# [TASK DESCRIPTION]
What is needed is an exact copy of the entries below, with the pictures left out.

# [RECORD EXCERPTS]
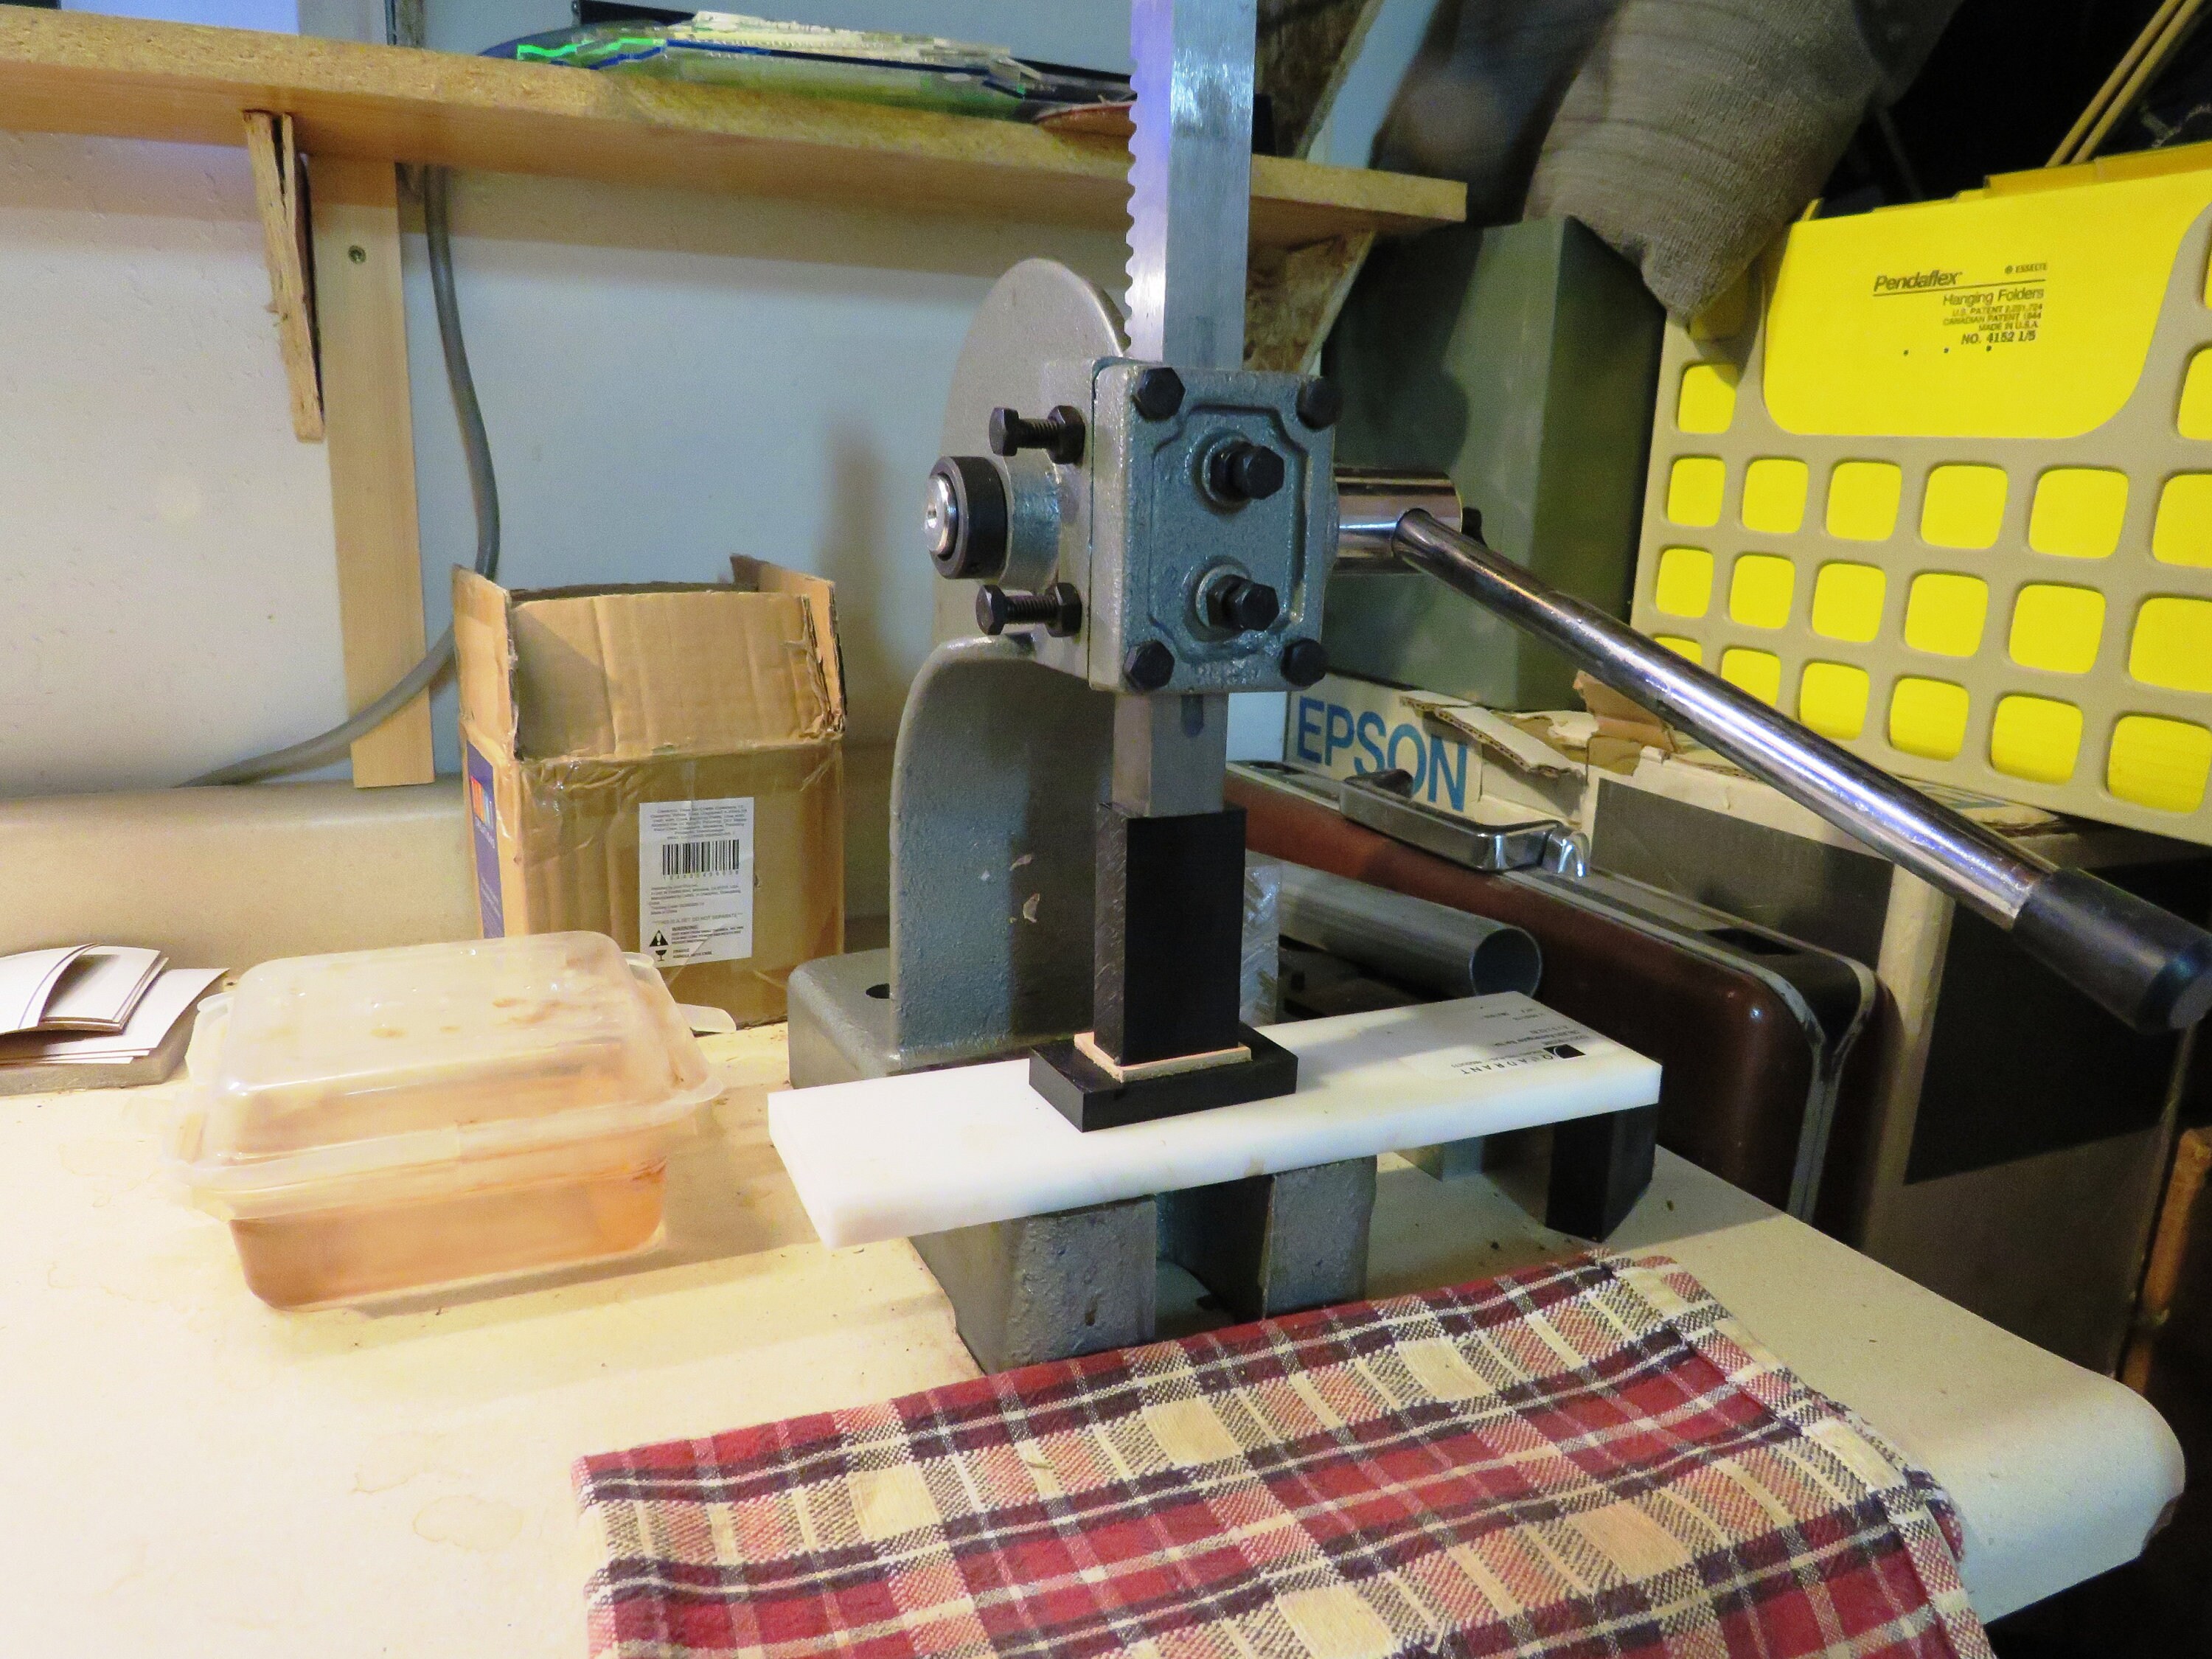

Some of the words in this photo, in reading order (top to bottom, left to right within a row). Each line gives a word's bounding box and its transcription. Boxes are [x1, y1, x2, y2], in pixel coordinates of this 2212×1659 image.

[1873, 270, 1959, 292] Pendaflex
[1943, 291, 1994, 307] Hanging
[1997, 287, 2045, 302] Folders
[1969, 305, 2003, 315] PATENT
[1987, 313, 2020, 324] PATENT
[1961, 333, 1982, 345] NO.
[1986, 331, 2014, 344] 4152
[2017, 330, 2036, 342] 1/5
[1297, 695, 1468, 813] EPSON
[1460, 1054, 1554, 1075] QUADRANT
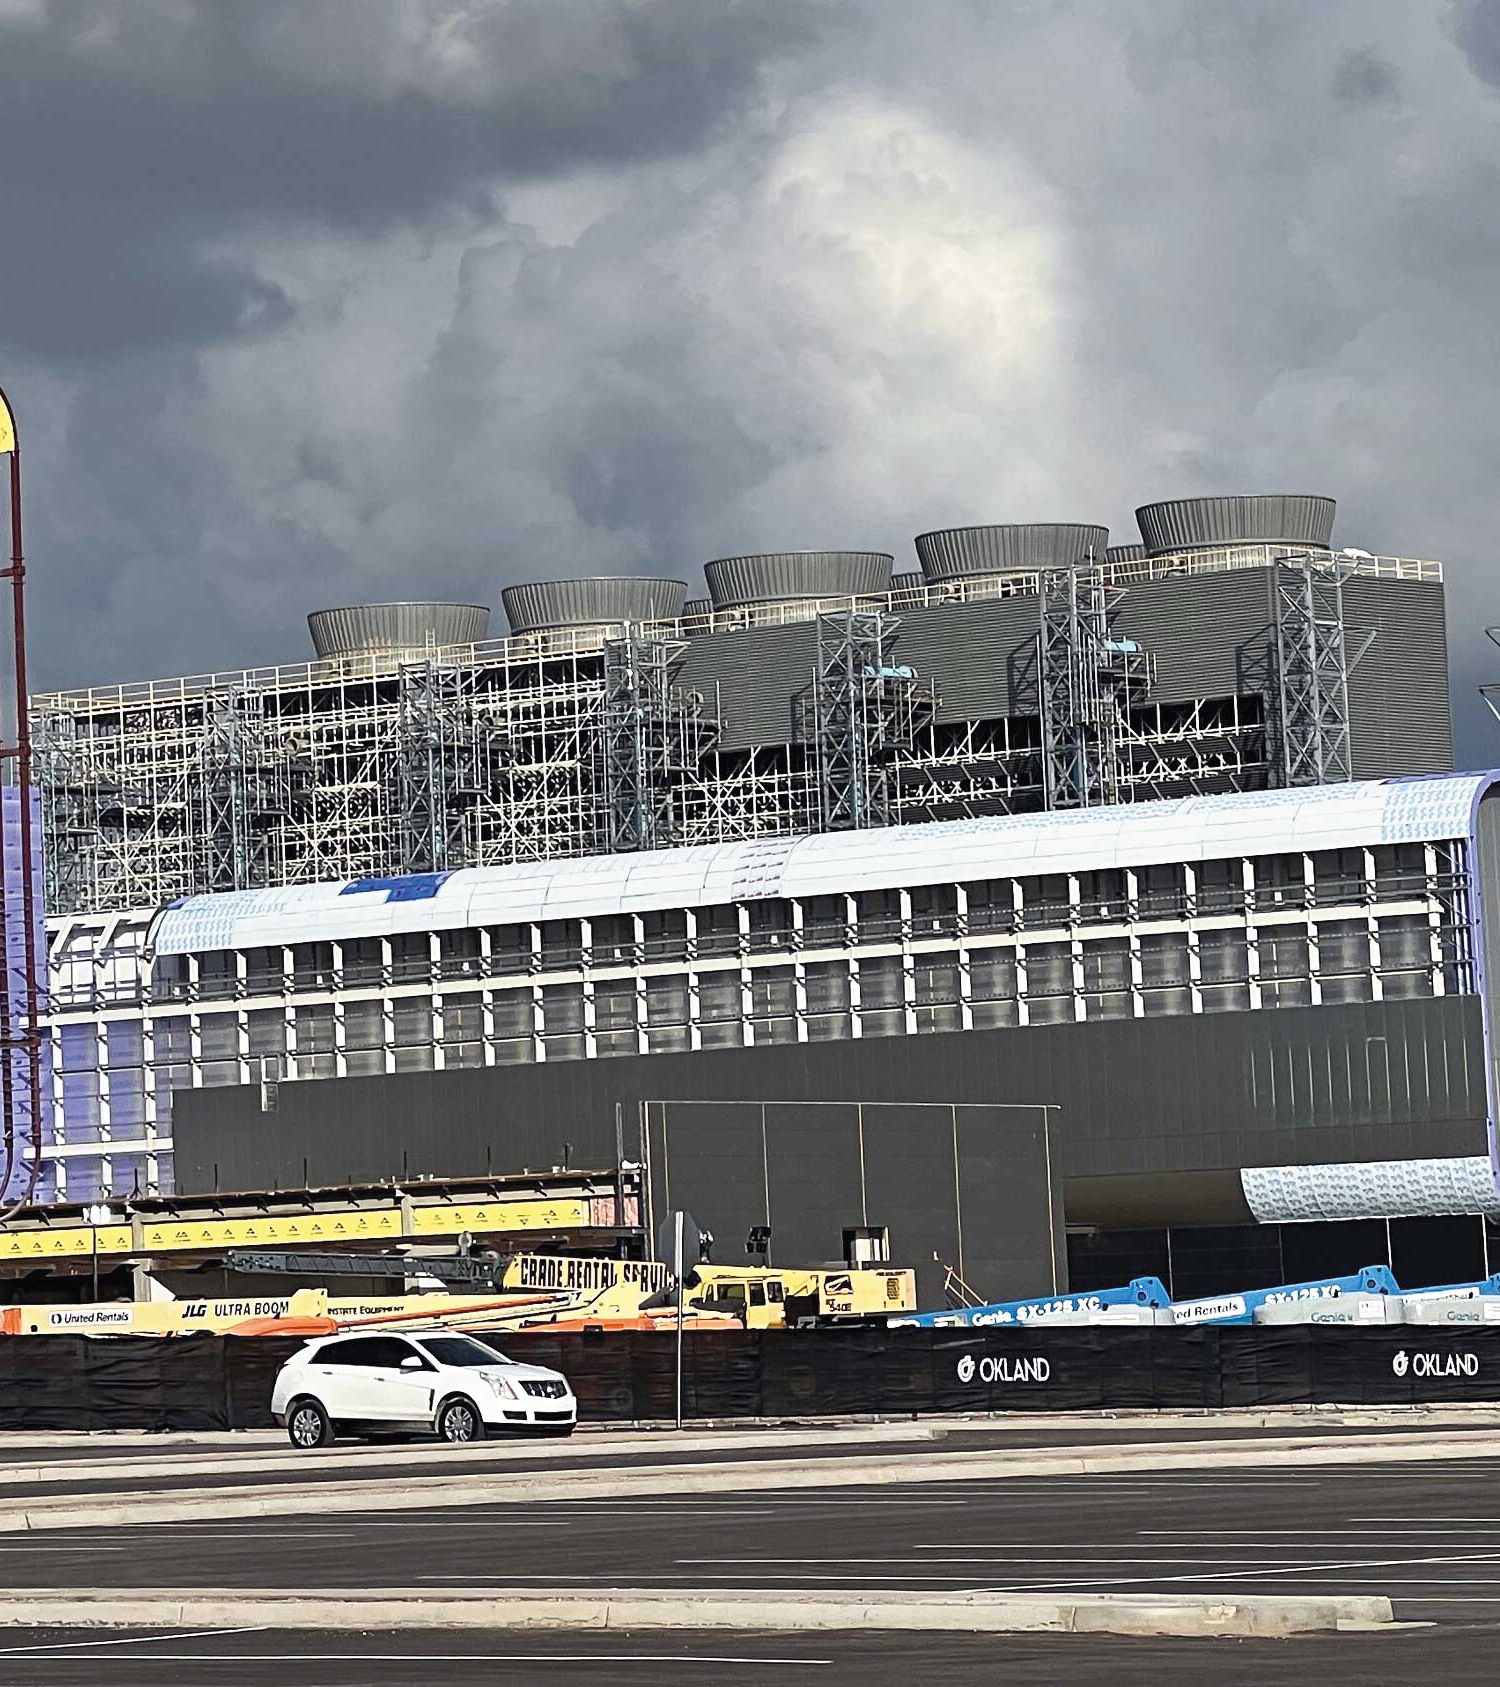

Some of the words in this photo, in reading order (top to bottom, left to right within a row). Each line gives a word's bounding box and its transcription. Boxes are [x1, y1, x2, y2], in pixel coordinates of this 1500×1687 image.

[521, 1257, 563, 1287] CRANE
[567, 1260, 617, 1289] RENTAL
[64, 1313, 94, 1323] United
[96, 1311, 129, 1322] Rentals
[182, 1304, 207, 1318] JLG
[215, 1303, 250, 1317] ULTRA
[254, 1301, 289, 1316] BOOM
[972, 1309, 1015, 1327] Genie
[1016, 1300, 1073, 1321] SX-125
[1076, 1297, 1100, 1312] XC
[1194, 1302, 1239, 1317] Rentals
[979, 1357, 1050, 1382] OKLAND
[1413, 1353, 1479, 1377] OKLAND
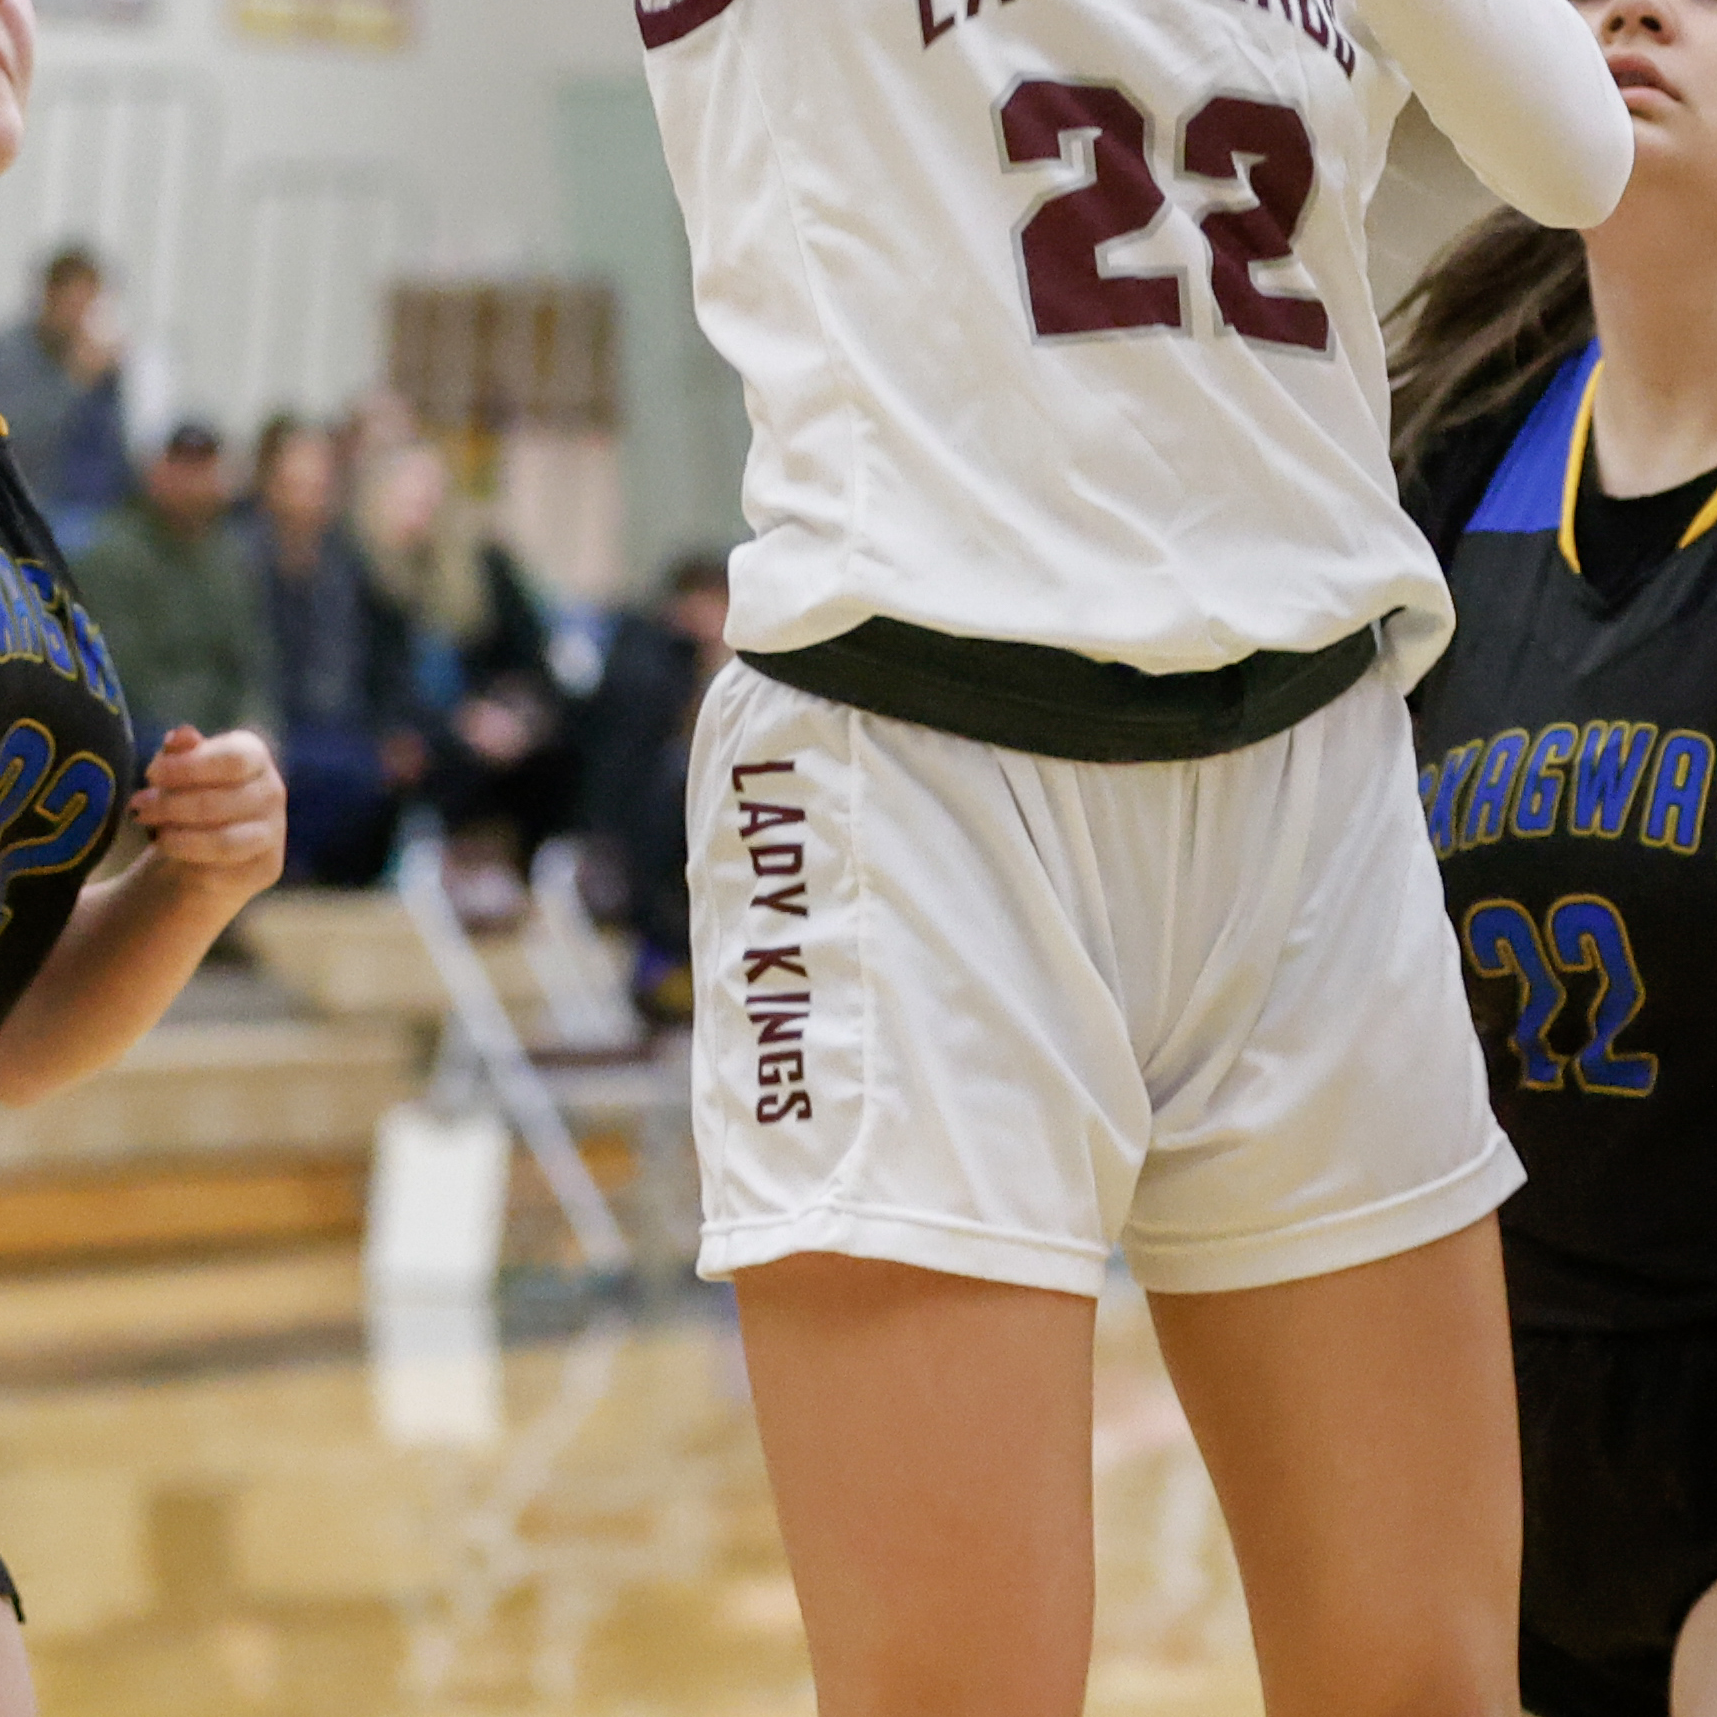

# [SOLUTION TO THE PROBLEM]
Some of the words in this photo, in reading order (top to bottom, left to right within a row). Each line gives a word's bounding box and its transcription. Boxes are [x1, y1, x2, y2], in pixel coordinates of this 2212×1659 image.

[1873, 270, 1959, 292] Pendaflex
[1943, 291, 1994, 307] Hanging
[1997, 287, 2045, 302] Folders
[1969, 305, 2003, 315] PATENT
[1987, 313, 2020, 324] PATENT
[1961, 333, 1982, 345] NO.
[1986, 331, 2014, 344] 4152
[2017, 330, 2036, 342] 1/5
[1297, 695, 1468, 813] EPSON
[1460, 1054, 1554, 1075] QUADRANT

Some of the words in this photo, in reading order (top to bottom, left to right within a row). Each line gives a word's bounding box and its transcription. Boxes are [x1, y1, x2, y2], in pixel coordinates of this 1500×1687 image.

[521, 1257, 563, 1287] CRANE
[567, 1260, 617, 1289] RENTAL
[64, 1313, 94, 1323] United
[96, 1311, 129, 1322] Rentals
[182, 1304, 207, 1318] JLG
[215, 1303, 250, 1317] ULTRA
[254, 1301, 289, 1316] BOOM
[972, 1309, 1015, 1327] Genie
[1016, 1300, 1073, 1321] SX-125
[1076, 1297, 1100, 1312] XC
[1194, 1302, 1239, 1317] Rentals
[979, 1357, 1050, 1382] OKLAND
[1413, 1353, 1479, 1377] OKLAND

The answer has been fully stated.